*Goal of the exercise:* Word for word, copy all the data and drop the pictures.

*Records to use:*
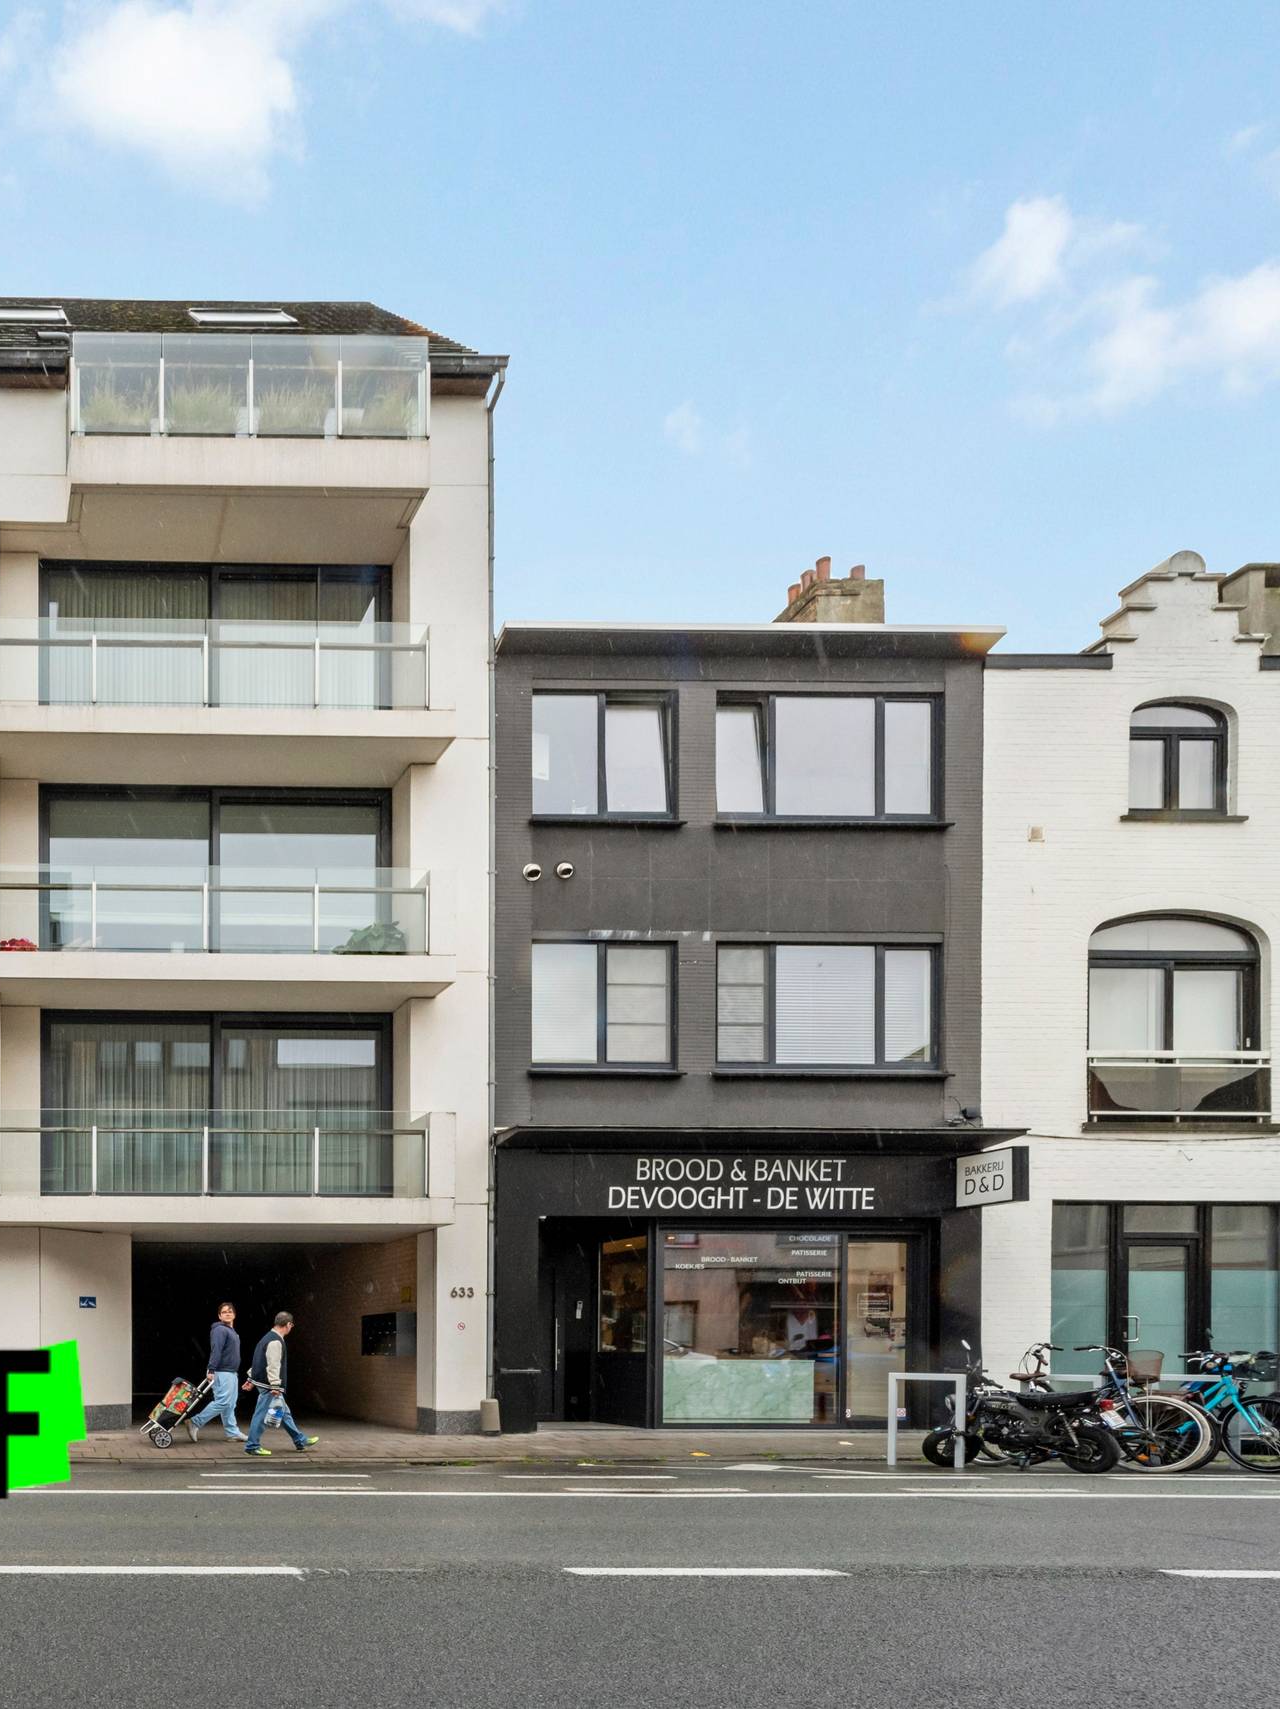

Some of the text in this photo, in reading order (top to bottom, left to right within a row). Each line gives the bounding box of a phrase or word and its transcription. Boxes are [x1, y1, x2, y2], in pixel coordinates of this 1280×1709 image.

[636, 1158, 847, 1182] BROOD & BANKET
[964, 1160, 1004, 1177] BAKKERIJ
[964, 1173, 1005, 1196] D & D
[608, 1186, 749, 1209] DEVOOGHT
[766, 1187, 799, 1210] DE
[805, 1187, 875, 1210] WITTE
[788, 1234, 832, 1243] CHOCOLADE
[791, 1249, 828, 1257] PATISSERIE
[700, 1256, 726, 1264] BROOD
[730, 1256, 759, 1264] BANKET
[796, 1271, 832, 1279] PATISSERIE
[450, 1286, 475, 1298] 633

*Solution to this task:*
Some of the text in this photo, in reading order (top to bottom, left to right within a row). Each line gives the bounding box of a phrase or word and its transcription. Boxes are [x1, y1, x2, y2], in pixel coordinates of this 1280×1709 image.

[636, 1158, 847, 1182] BROOD & BANKET
[964, 1160, 1004, 1177] BAKKERIJ
[964, 1173, 1005, 1196] D & D
[608, 1186, 749, 1209] DEVOOGHT
[766, 1187, 799, 1210] DE
[805, 1187, 875, 1210] WITTE
[788, 1234, 832, 1243] CHOCOLADE
[791, 1249, 828, 1257] PATISSERIE
[700, 1256, 726, 1264] BROOD
[730, 1256, 759, 1264] BANKET
[796, 1271, 832, 1279] PATISSERIE
[450, 1286, 475, 1298] 633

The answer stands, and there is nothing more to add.